Academic background
- Alma mater: University of Waikato, University of Glamorgan
- Thesis: The political economy of employment relationships in New Zealand (2003);
- Doctoral advisor: Clive H. J. Gilson, Mark Harcourt

Academic work
- Institutions: Massey University, University of Glamorgan, Coventry University, University of Greenwich

= Joanna Cullinane =

New Zealand professor of organisational studies

Joanna Cullinane is a New Zealand academic, and is a full professor at Massey University, specialising in management and employment relations. Between 2017 and 2025 she was Deputy Pro-Vice Chancellor of the Massey Business School.

==Academic career==

Cullinane completed a PhD titled The political economy of employment relationships in New Zealand at the University of Waikato in 2003. Cullinane moved to the UK, and completed a Masters in Human Resource Management at the University of Glamorgan (now the University of South Wales). She also was lecturer in organisational behaviour and Deputy Head of Division at the University of Glamorgan. She was Dean Academic at Coventry University London, and Director of Learning and Teaching at the University of Greenwich. Cullinane returned to New Zealand and joined the faculty of Massey University in 2017, rising to full professor in 2024. As of 2024 she is Deputy Pro Vice-Chancellor of the Massey Business School and chairs the Academic Progress committee. Cullinane played "an instrumental role" in the formation of a partnership between Massey University and Nanjing University of Finance and Economics (NUFE). During the period of the COVID-19 pandemic when New Zealand's borders were closed to foreign students, Massey opened a learning centre at NUFE for their Chinese students to continue their qualifications, and this led to the establishment of a joint educational institute based at NUFE in 2022.
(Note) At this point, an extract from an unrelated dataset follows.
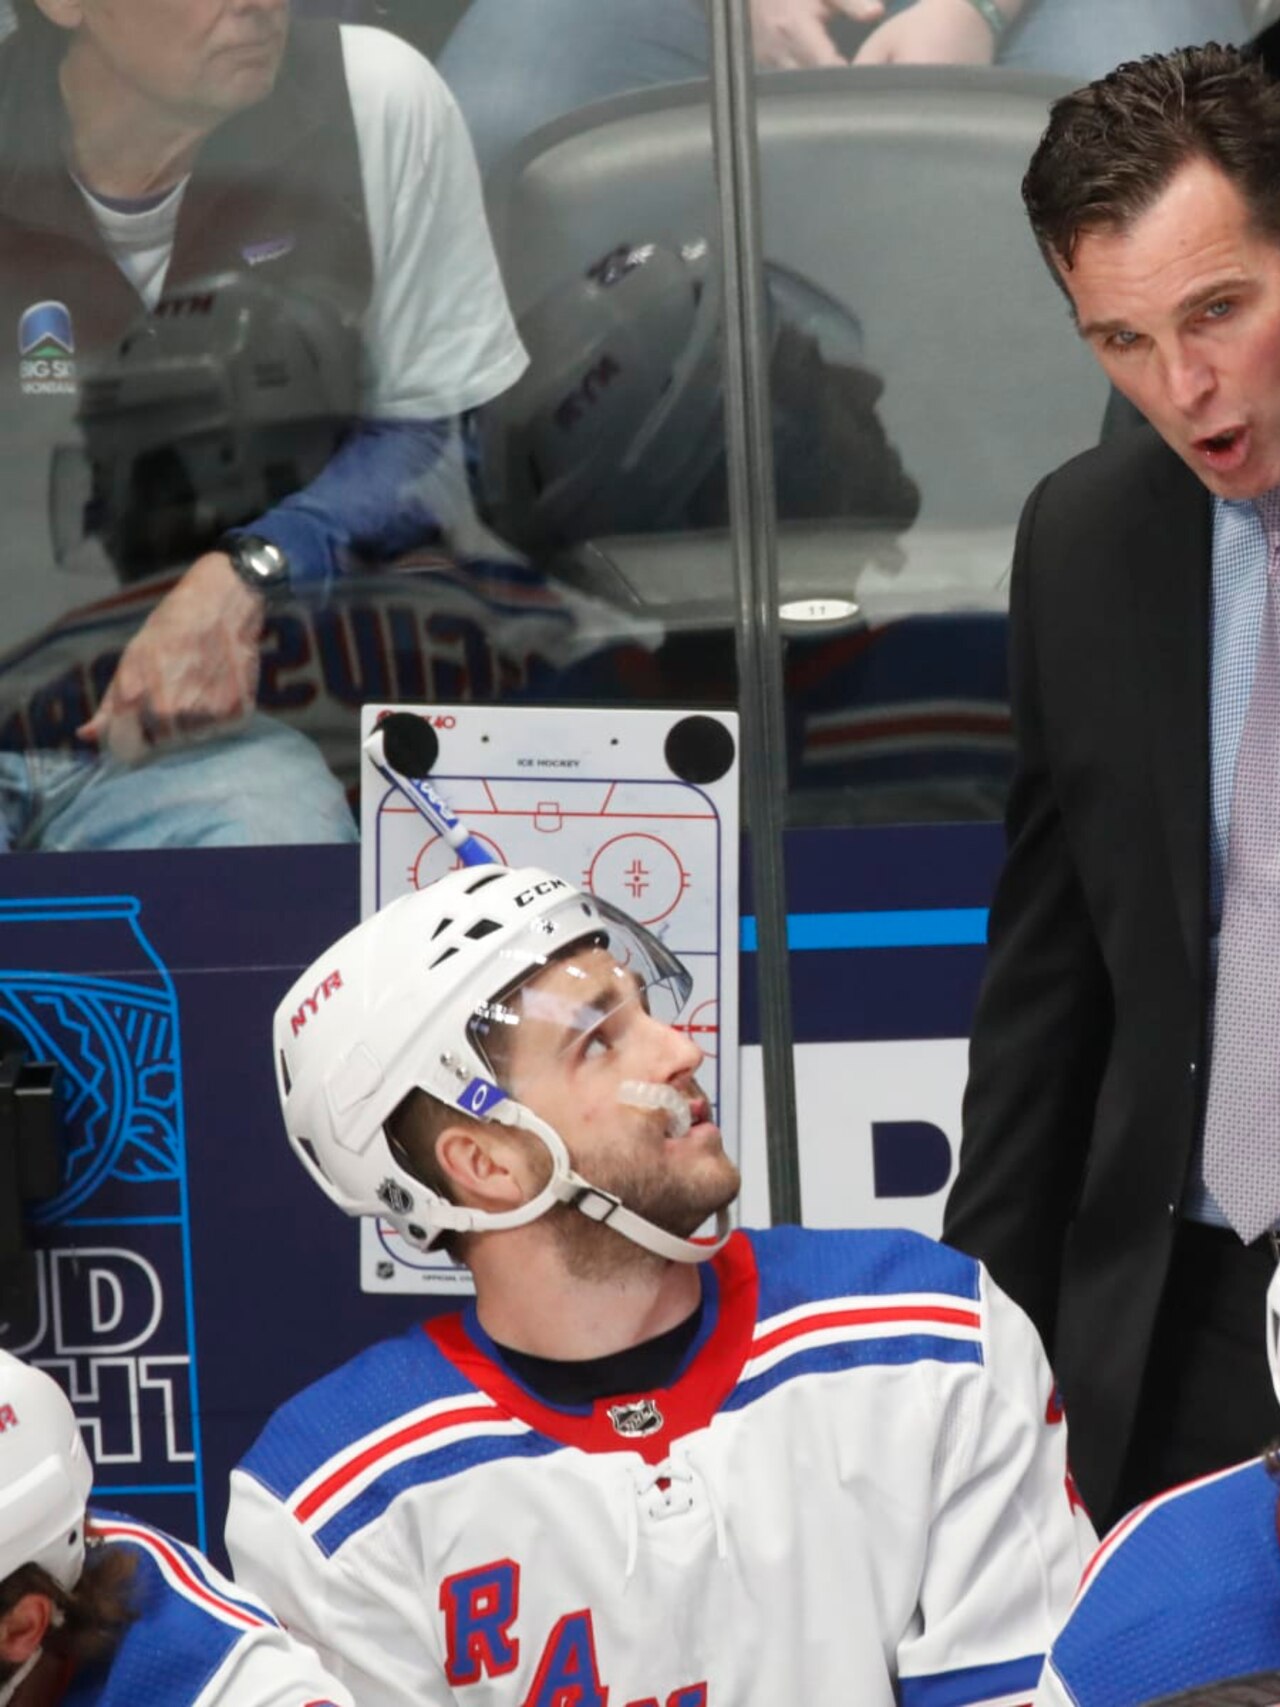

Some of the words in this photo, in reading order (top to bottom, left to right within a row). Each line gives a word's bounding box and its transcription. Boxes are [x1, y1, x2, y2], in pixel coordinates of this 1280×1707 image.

[517, 758, 533, 768] ICE
[537, 758, 581, 768] HOCKEY
[513, 878, 567, 908] CCM
[290, 969, 345, 1038] NYR
Cullinane's research focuses on organisational behaviour and management and employee relations. She has written on employment in the construction industry, differences in mask-wearing behaviours in different countries during the pandemic, and has researched the level of employee support for vaccine mandates in New Zealand workplaces.

== Selected works ==

=== Books and book chapters ===
- Raiden, A., Pye, M., & Cullinane, J. (2007). The nature of the employment relationship in the UK construction industry: A flexible construct?. In A. Dainty, & B. Bagilhole (Eds.) People and Culture in Construction.Taylor & Francis

- Cullinane, J. (Ed.) (2005). Working in Organisations. Pearson Publication. 2 editions. ISBN 1846582806

- Croucher, SM., Cullinane, J., Murray, N., Rocker, KT., & Nguyen, T. (2023). Health communication and behaviors during the COVID-19 pandemic: A 22-nation exploration of mask-wearing. In Pandemic Communication. (pp. 12 - 41).